Task requirements — What this exercise needs is every entry restated as written, with no pictures.

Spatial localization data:
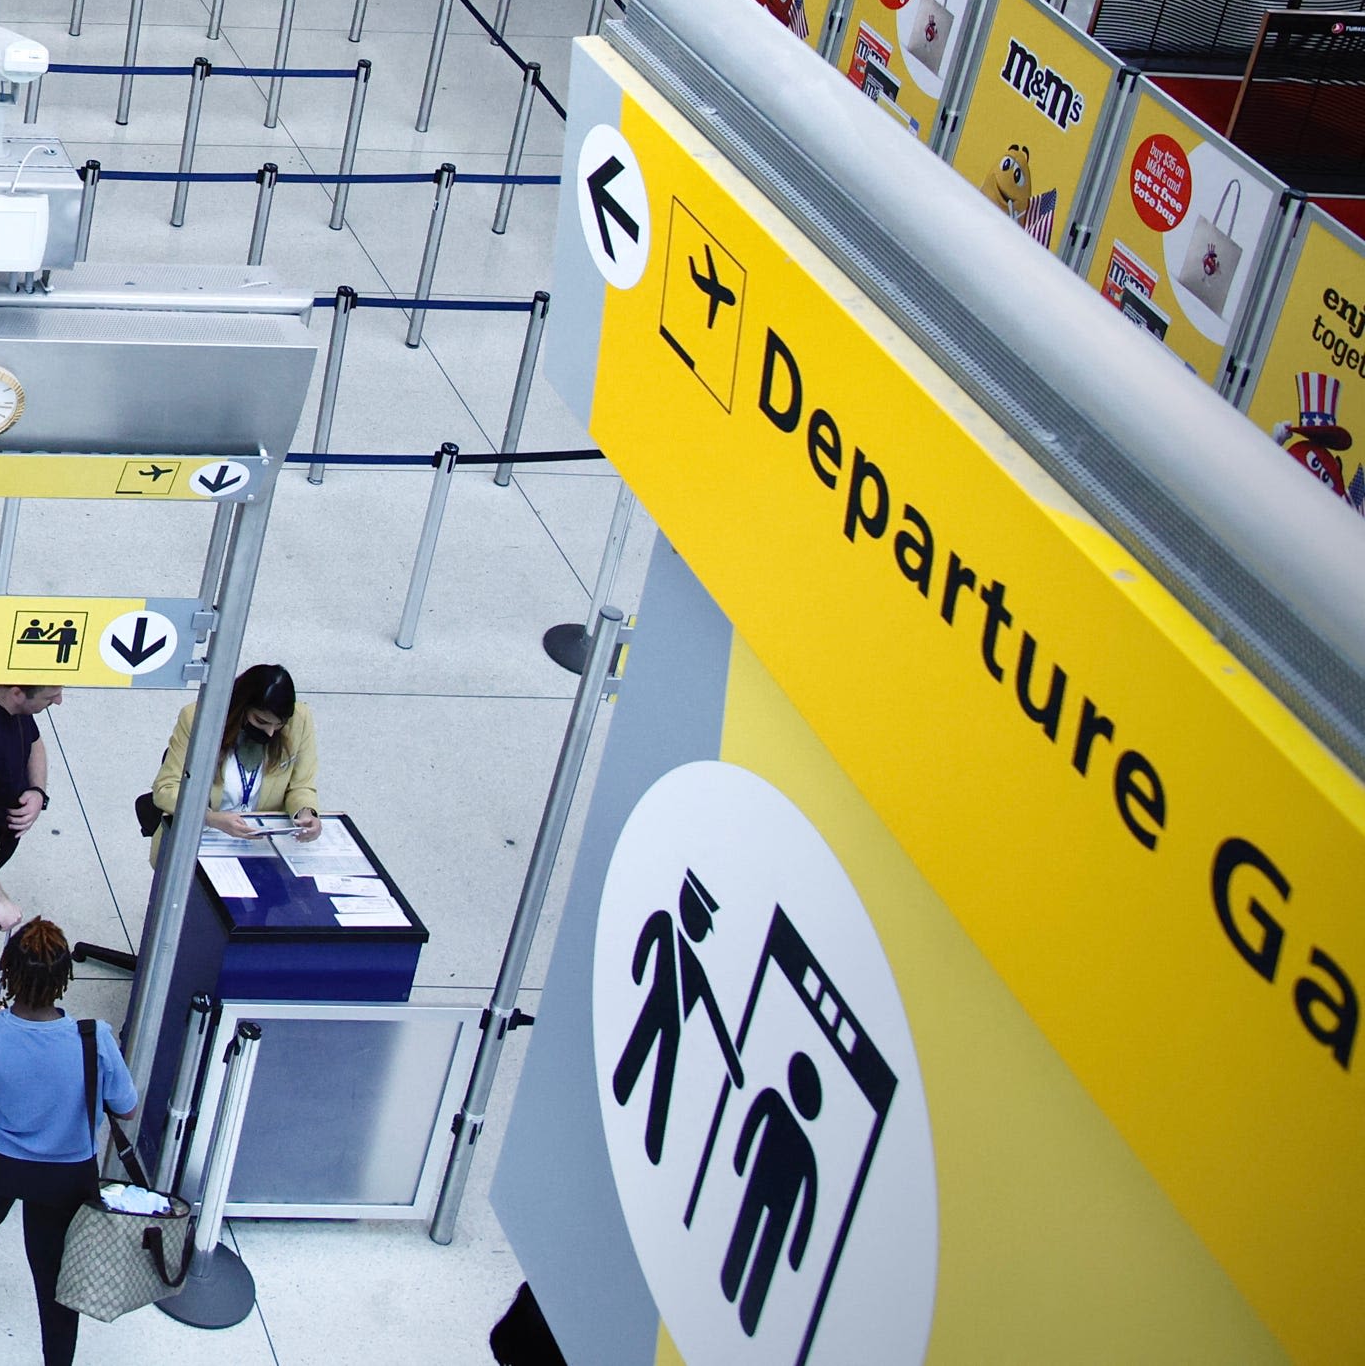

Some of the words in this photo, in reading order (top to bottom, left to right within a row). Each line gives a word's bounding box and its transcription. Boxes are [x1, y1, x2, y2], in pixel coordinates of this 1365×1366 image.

[1145, 158, 1167, 182] M&M's
[1166, 173, 1182, 195] and
[1149, 141, 1164, 161] buy
[1164, 153, 1177, 171] $35
[1175, 164, 1184, 180] on
[1133, 168, 1153, 191] get
[1153, 183, 1160, 193] a
[1159, 185, 1183, 213] free
[1133, 183, 1156, 208] tote
[1157, 199, 1177, 227] bag
[758, 326, 1167, 852] Departure

Final answer —
Some of the words in this photo, in reading order (top to bottom, left to right within a row). Each line gives a word's bounding box and its transcription. Boxes are [x1, y1, x2, y2], in pixel coordinates of this 1365×1366 image.

[1145, 158, 1167, 182] M&M's
[1166, 173, 1182, 195] and
[1149, 141, 1164, 161] buy
[1164, 153, 1177, 171] $35
[1175, 164, 1184, 180] on
[1133, 168, 1153, 191] get
[1153, 183, 1160, 193] a
[1159, 185, 1183, 213] free
[1133, 183, 1156, 208] tote
[1157, 199, 1177, 227] bag
[758, 326, 1167, 852] Departure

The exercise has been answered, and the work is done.